Cataloguing, archiving, acquiring, and preserving the past all come naturally to the scholarship-minded Epstein, but so does a love of the contemporary. “I’ve worked in museums and with historical material, but we have to think about how this work can come alive and be relevant for a present audience. It’s living stuff, photographs,” she says. “They teach us about the world we are looking at, no matter the artist’s date of birth, or what country they are from.”
Dark haired, with fair skin and a ready smile, Epstein radiates a mixture of enthusiasm and patience. Her father, a judge, and her mother, a dietician, brought her up in Seattle’s Mercer Island, and she majored in history and archeological studies at the University of Washington. Upon graduation, she went to work at the Wing Luke Museum in Seattle’s Chinatown.

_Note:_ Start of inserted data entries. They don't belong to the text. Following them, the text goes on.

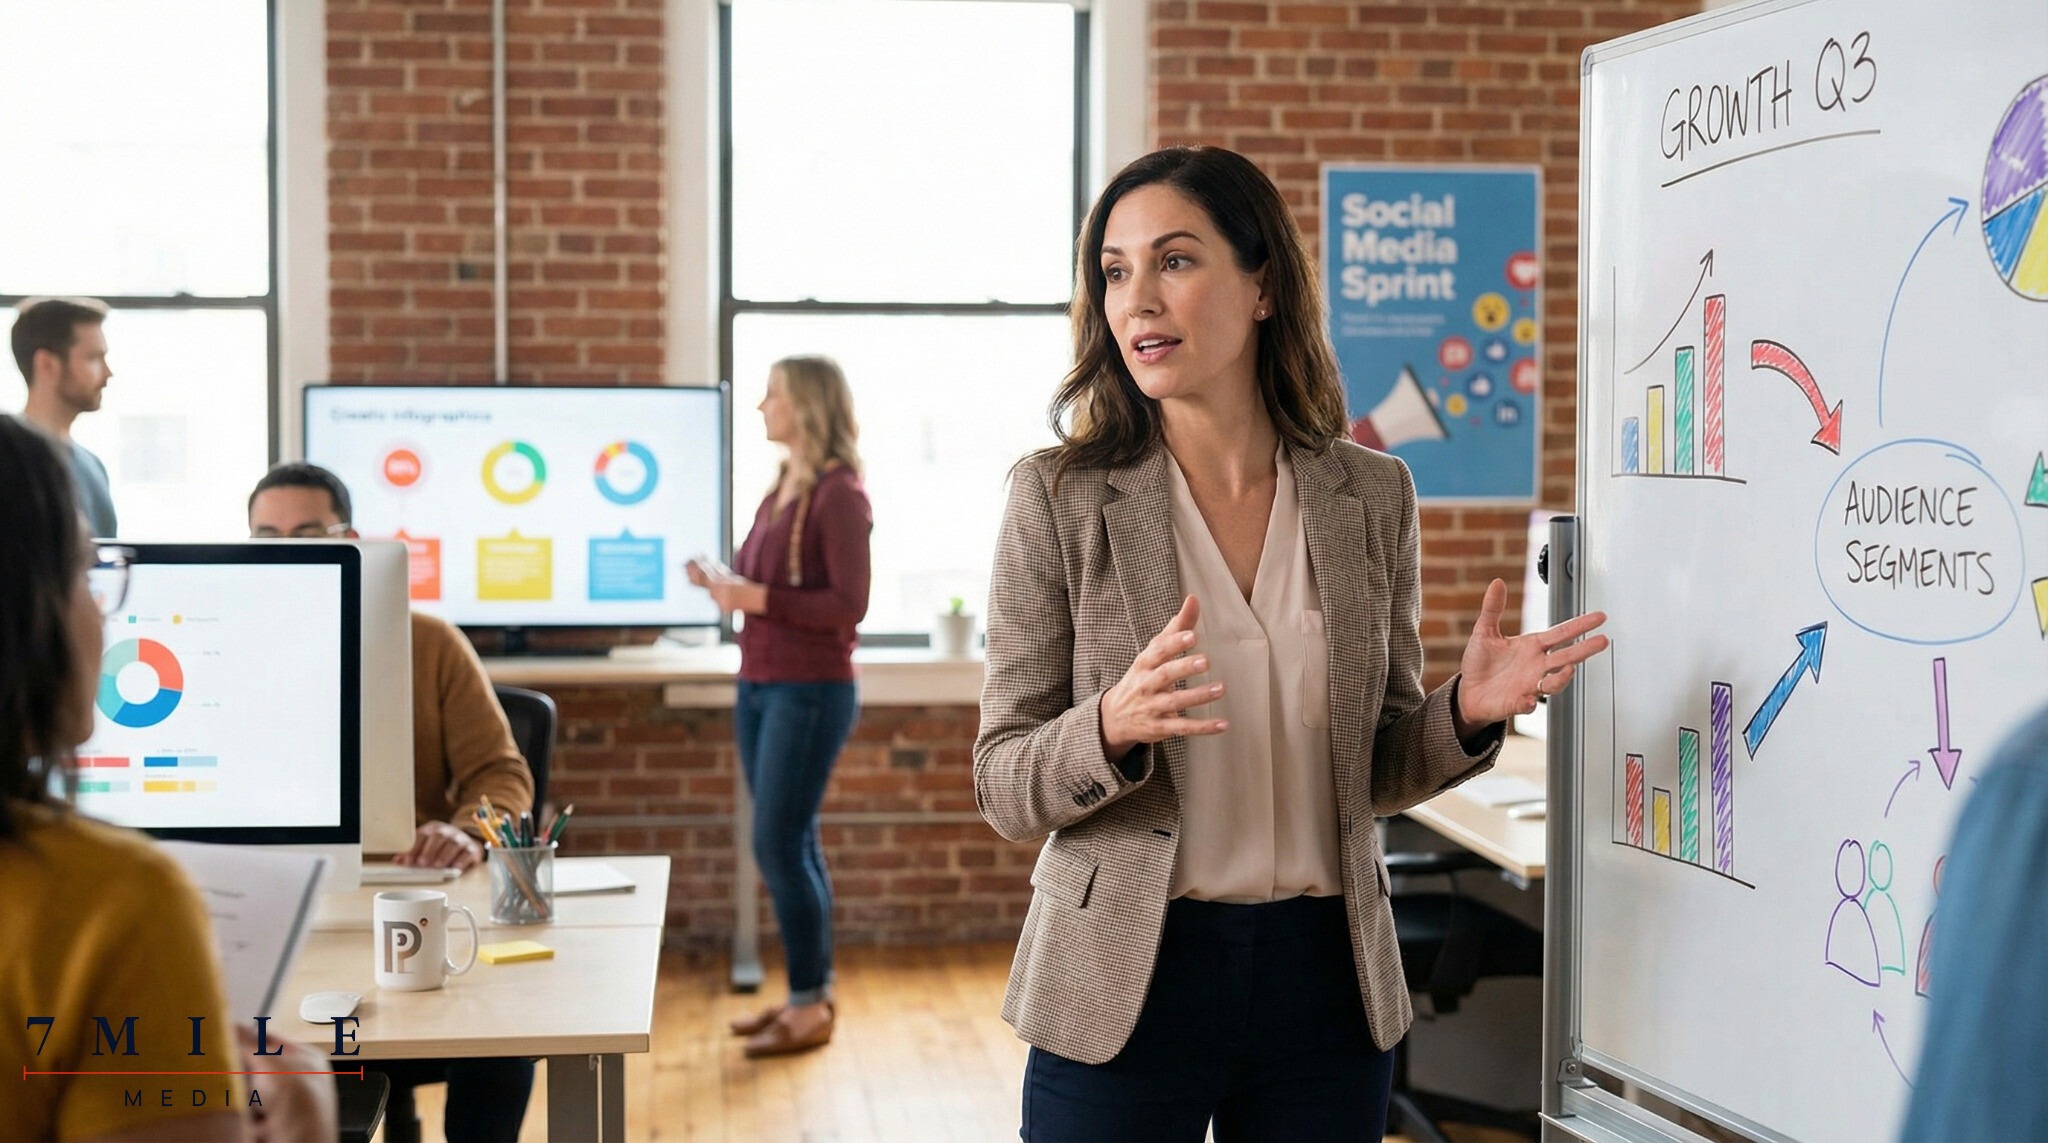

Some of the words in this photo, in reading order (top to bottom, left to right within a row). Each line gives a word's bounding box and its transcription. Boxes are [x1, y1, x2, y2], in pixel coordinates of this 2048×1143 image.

[1660, 59, 1792, 161] GROWTH
[1815, 31, 1877, 112] Q3
[1341, 193, 1455, 228] Social
[1342, 230, 1457, 265] Media
[1341, 265, 1456, 307] Sprint
[1844, 480, 1978, 526] AUDIENCE
[1845, 540, 1995, 595] SEGMENTS

In 1993 Epstein came to New York to get her masters in Near Eastern studies and museology from NYU. Alkazi was setting up a nonprofit on Fifth Avenue called the Center for International Contemporary Art. Epstein met him while in grad school and began what would become a 20-year working relationship, first as research assistant at the center, and later, its director. When CICA closed its doors in 1995, Epstein briefly worked as director of development for Aperture before Alkazi presented her with a dream project: his new 19th-century photographic collection, which would have locations in New York, London, and New Delhi. He opened a research center, the Alkazi Collection, in Chelsea in 1998, along with a commercial concern called SEPIA International. Five years ago, Alkazi closed the New York and London branches, but Epstein carried over the stable of artists she had built into a new commercial gallery, sepiaEYE.

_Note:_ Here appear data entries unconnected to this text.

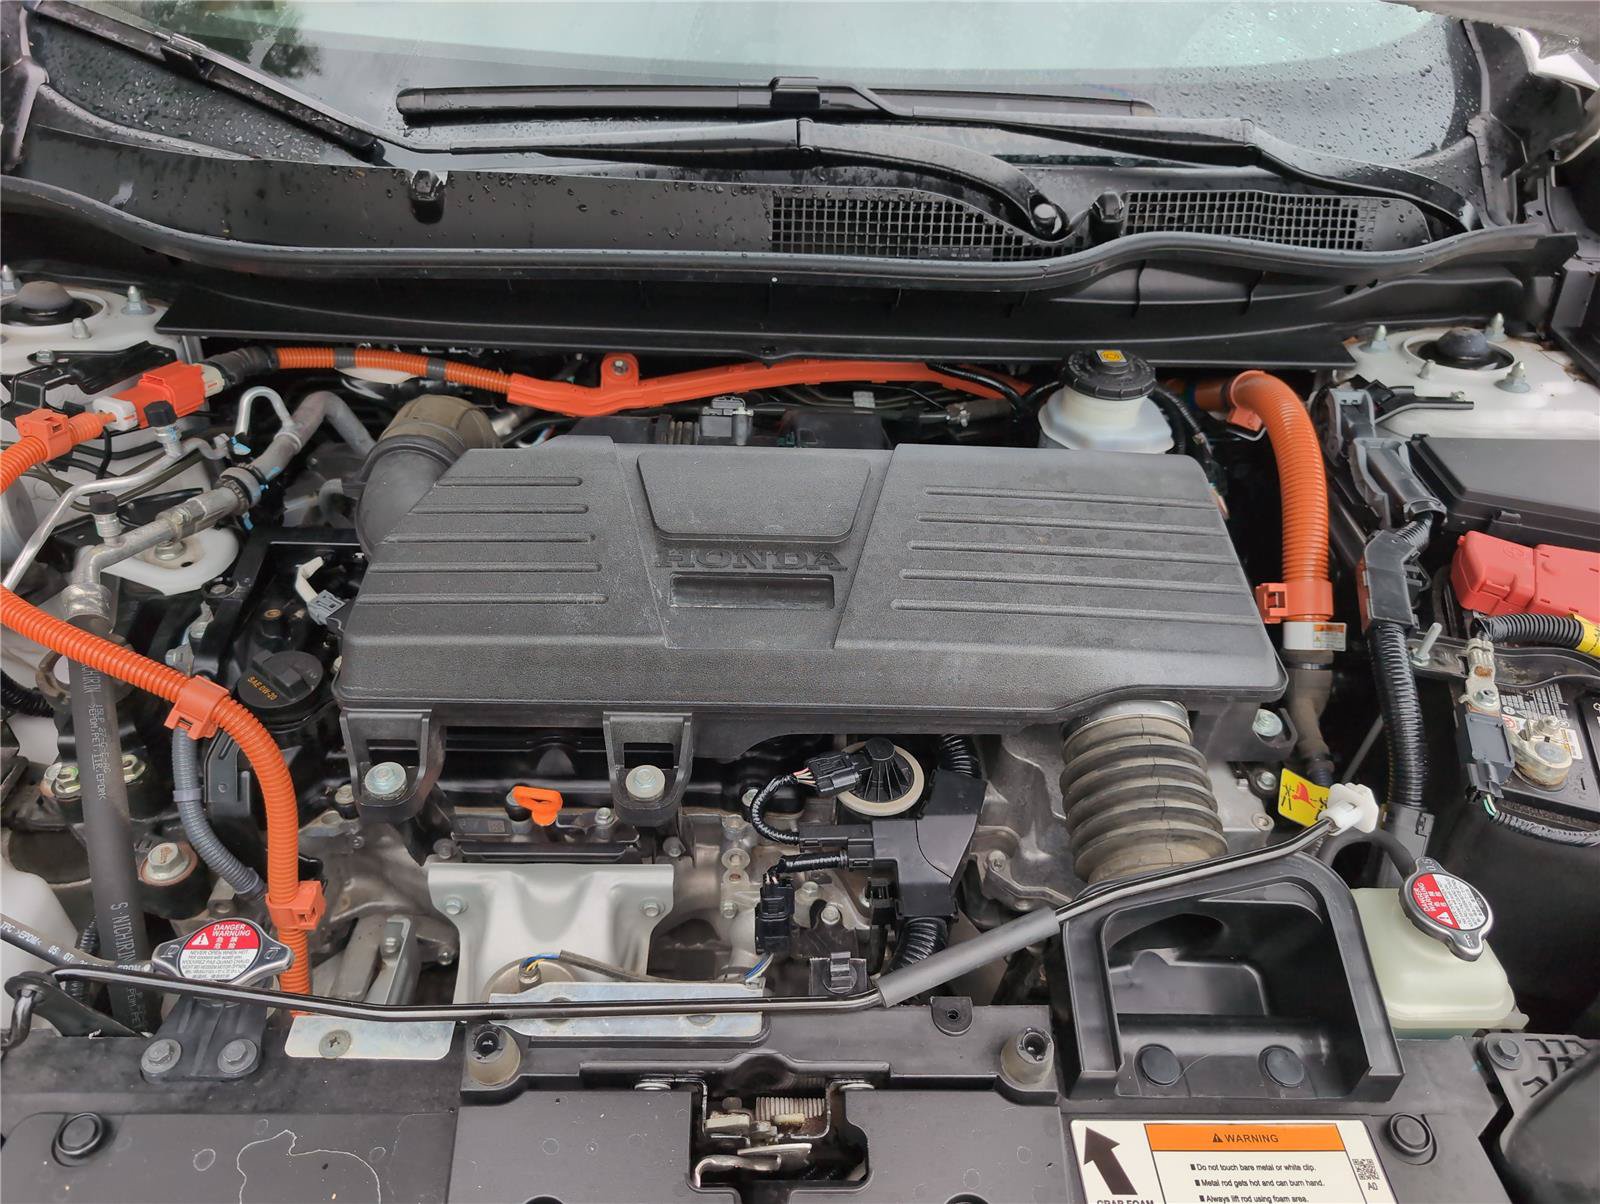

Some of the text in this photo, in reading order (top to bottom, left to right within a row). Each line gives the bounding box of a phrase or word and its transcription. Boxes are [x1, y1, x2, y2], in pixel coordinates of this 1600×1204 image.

[656, 549, 848, 571] HONDA
[247, 675, 262, 688] SAE
[1225, 1134, 1279, 1144] WARNING
[1303, 1164, 1317, 1173] clip.
[1234, 1180, 1249, 1189] gets
[1206, 1196, 1231, 1204] Always
[1253, 1195, 1272, 1204] using

She has broadened her already strong base of Asian artists (like Sookang Kim, who uses a 12-layer gum bichromate process to give her personal objects – a garter belt, a handkerchief – a timeless quality) to include non-Asian artists like Italian-born Beatrice Pediconi, who makes abstract imagery by dropping one colored liquid or material into water and seeing what sorts of convergences occur. Epstein keeps a palm-sized catalogue from Pediconi’s solo show at Rome’s Collezione Maramotti wrapped in tissue paper, tied with a piece of jute. Fanning out the reproductions, one can see the progression of the liquid imagery from individual droplets to cosmos-like constellations. “You can spend a lot of time with these small things,” Epstein says, smiling.